The picture is faded now, much like my memories of the day it was taken. I was in Amsterdam on vacation from my job as a bond trader at JP Morgan.
I was free... free from the closet I carefully built and lived in back in New York. No one from the bank, or members of my family, would see me there. I could just be me, at least for a week.
So I smoked some semi-legal weed, laughed at the mime that blocked the tram in Dam Square, walked for miles along the straten en grachten, and fell in love with a Dutchman. His name was Peter, like mine. His hair was dark, not Dutch blond, from his Spanish ancestry.
We asked someone to take a picture of us on one of the canal bridges. It’s my B.H.I.V. picture - before HIV - that last picture of me before I got the news.
Fast forward a couple of months to a Monday night in November, 1985. Peter surprised me by making good on his promise to visit me in New York, and we’re watching An Early Frost on NBC. It was the first major made-for-TV film about AIDS, and a young and beautiful Aidan Quinn was playing the son who has to tell his family he’s gay and has AIDS (within weeks, I would have to do the same, and called it the “Early Frost Double Whammy”).
Quinn’s character finds out he has AIDS after a persistent cough, which turns out to be PCP pneumonia. As we watched, Peter kind of laughed nervously, and said “he’s coughing like you.” For me, it was only a persistent cold, but the comment prompted me to visit my doctor two days later.
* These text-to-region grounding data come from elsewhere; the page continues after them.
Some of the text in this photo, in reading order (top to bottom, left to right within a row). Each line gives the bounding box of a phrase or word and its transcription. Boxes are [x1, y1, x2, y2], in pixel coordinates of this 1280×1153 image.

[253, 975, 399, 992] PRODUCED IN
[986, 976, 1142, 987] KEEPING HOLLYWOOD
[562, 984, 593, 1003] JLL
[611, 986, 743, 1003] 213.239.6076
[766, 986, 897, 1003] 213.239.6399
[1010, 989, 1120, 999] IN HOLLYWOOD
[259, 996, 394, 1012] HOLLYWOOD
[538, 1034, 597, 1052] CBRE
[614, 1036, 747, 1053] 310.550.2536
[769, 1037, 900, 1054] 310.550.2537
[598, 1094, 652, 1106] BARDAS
My doctor was the late Dan William, one of the best gay docs in New York. Having a large, mostly gay male practice, many of whom were now dying from AIDS, Dan got in the practice of running a complete blood count (CBC) on his undiagnosed patients that showed up with absolutely any health concern, including a common cold.
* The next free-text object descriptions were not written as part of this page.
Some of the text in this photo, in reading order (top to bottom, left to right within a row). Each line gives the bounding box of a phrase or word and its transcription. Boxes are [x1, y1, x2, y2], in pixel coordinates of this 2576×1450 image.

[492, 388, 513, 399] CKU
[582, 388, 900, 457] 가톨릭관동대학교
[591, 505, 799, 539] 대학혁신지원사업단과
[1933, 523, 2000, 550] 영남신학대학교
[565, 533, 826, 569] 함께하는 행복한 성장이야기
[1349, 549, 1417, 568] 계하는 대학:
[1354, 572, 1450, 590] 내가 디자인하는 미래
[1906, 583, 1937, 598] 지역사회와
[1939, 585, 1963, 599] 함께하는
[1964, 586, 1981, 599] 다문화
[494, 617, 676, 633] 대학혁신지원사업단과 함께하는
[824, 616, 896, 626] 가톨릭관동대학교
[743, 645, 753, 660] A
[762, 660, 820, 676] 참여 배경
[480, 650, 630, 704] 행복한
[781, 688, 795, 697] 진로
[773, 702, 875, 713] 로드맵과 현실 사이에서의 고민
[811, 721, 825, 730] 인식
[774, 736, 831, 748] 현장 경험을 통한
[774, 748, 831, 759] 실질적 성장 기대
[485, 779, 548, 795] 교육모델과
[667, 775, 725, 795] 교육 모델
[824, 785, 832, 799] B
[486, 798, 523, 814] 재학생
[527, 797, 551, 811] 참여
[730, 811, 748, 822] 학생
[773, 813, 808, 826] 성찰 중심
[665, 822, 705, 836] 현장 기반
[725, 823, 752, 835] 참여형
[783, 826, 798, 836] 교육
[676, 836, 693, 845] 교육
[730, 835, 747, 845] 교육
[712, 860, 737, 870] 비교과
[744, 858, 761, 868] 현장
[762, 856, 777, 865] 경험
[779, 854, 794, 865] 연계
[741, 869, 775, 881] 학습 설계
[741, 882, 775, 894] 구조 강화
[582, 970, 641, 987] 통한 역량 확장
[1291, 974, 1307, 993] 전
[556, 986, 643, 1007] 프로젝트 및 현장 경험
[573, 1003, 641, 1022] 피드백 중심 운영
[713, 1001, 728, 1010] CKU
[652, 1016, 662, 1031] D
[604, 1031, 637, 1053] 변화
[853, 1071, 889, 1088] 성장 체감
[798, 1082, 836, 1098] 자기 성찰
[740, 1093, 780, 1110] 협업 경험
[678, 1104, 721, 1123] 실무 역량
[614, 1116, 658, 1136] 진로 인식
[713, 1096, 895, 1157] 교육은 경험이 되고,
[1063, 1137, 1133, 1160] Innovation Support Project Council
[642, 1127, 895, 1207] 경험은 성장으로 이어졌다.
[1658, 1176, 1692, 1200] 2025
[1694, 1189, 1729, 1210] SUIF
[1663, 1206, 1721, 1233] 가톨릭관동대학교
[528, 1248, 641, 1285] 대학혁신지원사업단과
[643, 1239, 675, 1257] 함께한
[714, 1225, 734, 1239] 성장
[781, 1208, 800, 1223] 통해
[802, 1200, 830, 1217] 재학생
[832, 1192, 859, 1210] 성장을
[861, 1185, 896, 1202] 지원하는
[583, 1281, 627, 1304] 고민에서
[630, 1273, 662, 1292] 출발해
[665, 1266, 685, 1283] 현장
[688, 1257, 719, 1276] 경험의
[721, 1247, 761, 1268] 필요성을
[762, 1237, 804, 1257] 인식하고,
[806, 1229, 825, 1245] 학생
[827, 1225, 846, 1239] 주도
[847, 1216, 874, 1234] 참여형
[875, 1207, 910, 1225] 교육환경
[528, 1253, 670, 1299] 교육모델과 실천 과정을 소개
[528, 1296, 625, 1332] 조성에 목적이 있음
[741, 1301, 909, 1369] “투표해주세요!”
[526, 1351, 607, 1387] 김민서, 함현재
On Friday, November 15th, 1985, his office called me at my trading desk, and told me I had a low white blood count - could I come back to the office that day for further tests. I pressed them to tell me what their suspicions were, and they eventually told me “it could be indicative of an HIV infection.”
That was the moment. Every moment after that was A.H.I.V. I grew up fast. I made a lot of hard decisions. I had to fight like hell if I was going to make it to 25 or 26 years old.
Innocence was lost. No, I don’t mean I was now “guilty,” or even felt that way. I mean that my carefree youth - the innocence of youth - had come to an abrupt end.
I look back on that picture in Amsterdam, and I see the innocence of youth in my face. Even though the best years of my life were still to come, I still mourn the loss of that innocence.